As I made my way through the book, the way the momentum of the women’s movement was shifting came out quite clearly to me. The 1960s and 1970s were full of grassroots organizing efforts and mass mobilizations, women taking to the streets in huge numbers and engaging in direct action for their liberation. By the 1980s and 1990s, though, more emphasis was placed on lobbying the government, feminist organizing became bureaucratized and tied precariously to government funding and women were, for the most part, not mobilized for change.

In general, Ten Thousand Roses is a useful and informative account of the mainstream women’s movement in Canada. Gains are celebrated and some important criticisms of the organizing that happened within the movement are revealed in the book. However, it should be taken for what it is: an account of a movement of mostly white, mostly able bodied women. It does not include women’s organizing that took place within immigrant, Aboriginal and people of colour communities and often in a mixed gender setting, such as in the Canadian Farmworkers Union.
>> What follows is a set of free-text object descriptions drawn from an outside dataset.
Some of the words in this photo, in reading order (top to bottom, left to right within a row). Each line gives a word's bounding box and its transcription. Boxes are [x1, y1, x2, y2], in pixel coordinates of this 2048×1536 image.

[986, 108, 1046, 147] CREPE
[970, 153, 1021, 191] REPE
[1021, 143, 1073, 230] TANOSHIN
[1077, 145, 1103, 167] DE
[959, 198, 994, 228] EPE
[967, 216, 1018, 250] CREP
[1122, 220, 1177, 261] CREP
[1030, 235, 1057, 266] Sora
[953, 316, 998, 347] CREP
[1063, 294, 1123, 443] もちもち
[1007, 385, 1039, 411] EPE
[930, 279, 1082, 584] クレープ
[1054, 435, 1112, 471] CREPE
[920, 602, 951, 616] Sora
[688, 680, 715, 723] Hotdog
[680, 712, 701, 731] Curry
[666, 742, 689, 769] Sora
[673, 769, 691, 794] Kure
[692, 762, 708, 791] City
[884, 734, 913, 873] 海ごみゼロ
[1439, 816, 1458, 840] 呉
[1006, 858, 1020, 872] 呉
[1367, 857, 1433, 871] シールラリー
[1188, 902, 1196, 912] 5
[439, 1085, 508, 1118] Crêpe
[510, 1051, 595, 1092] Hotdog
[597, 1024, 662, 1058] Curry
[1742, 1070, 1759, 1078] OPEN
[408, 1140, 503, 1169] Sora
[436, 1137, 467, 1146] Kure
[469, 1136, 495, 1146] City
Just because the women’s movement in Canada was more friendly towards socialist politics and slightly more open to being challenged on the grounds of race and ability than the American women’s movement is no cause for celebration in itself. (Interestingly, the two categories of ‘women of colour’ and ‘disabled women’ never conflate in the book.)
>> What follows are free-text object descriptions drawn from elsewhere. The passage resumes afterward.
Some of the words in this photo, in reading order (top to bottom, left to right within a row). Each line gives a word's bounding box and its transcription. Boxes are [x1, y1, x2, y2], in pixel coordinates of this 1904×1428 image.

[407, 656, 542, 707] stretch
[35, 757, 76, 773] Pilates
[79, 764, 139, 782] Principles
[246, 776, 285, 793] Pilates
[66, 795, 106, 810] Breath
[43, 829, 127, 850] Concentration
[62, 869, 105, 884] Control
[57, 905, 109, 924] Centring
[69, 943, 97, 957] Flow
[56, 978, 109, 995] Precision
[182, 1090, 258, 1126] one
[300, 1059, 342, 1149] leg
In fact, there are moments in the book when Rebick makes some dangerously grand claims, such as that Canada had, for a time, “the most multiracial women’s movement in the world.” The back cover even says that “these stories define the Canadian women’s movement as one of the most successful on the planet.” As someone who identifies herself as a socialist feminist, I would have hoped that Rebick would have done a better job in situating Canada in the international imperialist context. Women’s movements in the global South have often been strongly linked to national liberation movements, and women’s movements throughout the world have always been unique to their social, political and economic landscape.

Moreover, Rebick’s claim to superiority of the multiracial nature of the women’s movement in Canada is worrying because it provides a tool for white women in Canada today to be complacent in fighting racism within themselves and in their communities. Rebick (and others) seems to have missed the point: anti-racism cannot just be about a politics of representation, of having more women of colour involved in the women’s movement. Anti-racism involves, rather, a fundamental shift in what we consider “women’s issues” and what kinds of organizing we consider to be part of the women’s movement; it involves interrogating the notion of “sisterhood”; examining our own privileges, and much much more.

In sum, Ten Thousand Roses is a worthwhile read for anyone interested in fighting patriarchy, and particularly for budding young feminists interested in the history of the mainstream women’s movement in Canada. Despite its shortcomings, the women’s movement can provide us with much inspiration for the continued struggle for women’s liberation and for social justice in all our communities.